Marxist history of the western states

Louis N Proyect lnp3 at columbia.edu
Fri Apr 12 13:52:54 MDT 1996


I picked up Richard White's new history of the west ("It's Your
Misfortune and None of My Own") in order to get background on
England and the cattle ranching question and have continued
browsing through it all day long out of the corner of my eye. It is an
extraordinary book. It appears to be informed by both a Marxist and an
ecological perspective. For example, the book focuses on the origins of
some of famous "wars" of the old west in class conflict.
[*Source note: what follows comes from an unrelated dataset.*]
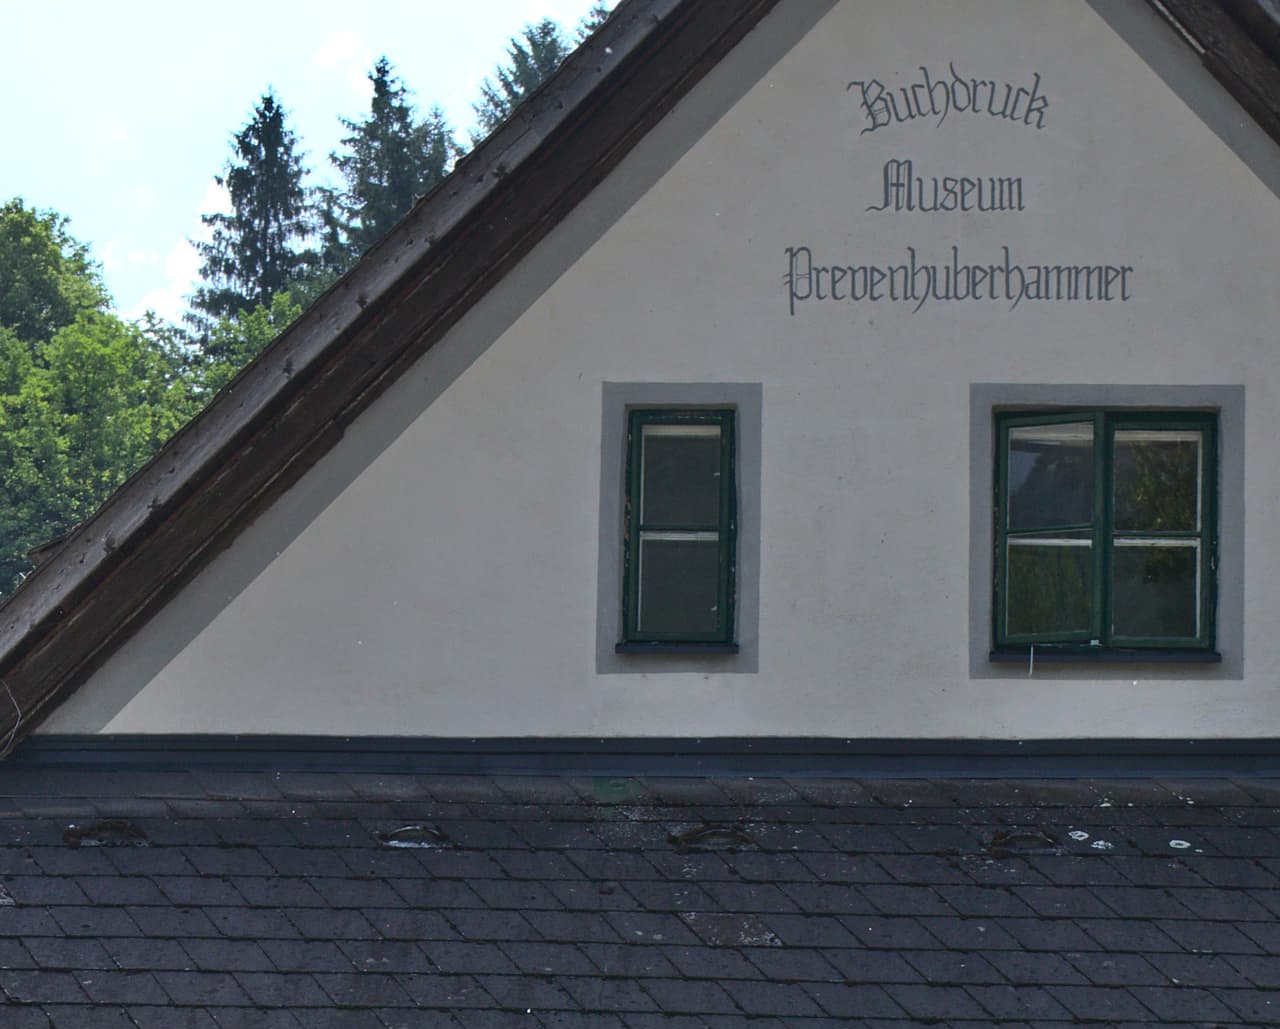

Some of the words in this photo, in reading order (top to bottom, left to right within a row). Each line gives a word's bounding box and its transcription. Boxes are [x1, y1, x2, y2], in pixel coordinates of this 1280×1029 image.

[846, 61, 1049, 137] Buchdruck
[865, 158, 1026, 212] Museum
[783, 245, 1134, 316] Prevenhuberhammer
Here is a
fascinating account of the Johnson County wars that were the theme of
a number of old cowboy movies:

"By the late 1880s, as the big ranchers staggered under the double
blow of declining prices and the legacy of the bitter winter of 1886-87,
their conflict with the small ranchers deepened. Most of these small
ranchers were former cowboys who had homesteaded land and
established small herds of their own. They regarded the big cattlemen
as illegal monopolists of the public domain; the big ranchers
considered the former cowboys to be rustlers who had helped
themselves to the ranchers' stock. Rusling certainly did occur, but not
on the scale big ranchers contended. In Johnson County--an area
controlled by small ranchers--there were only 13 cases of cattle
stealing in the peak year, 1889. It is also true, however, that juries
rarely convicted accused rustlers. In 1889 the courts dismissed all the
cases in Johnson County."

I noticed the White book in my local Barnes and Noble and conclude
>from this that it is easily available.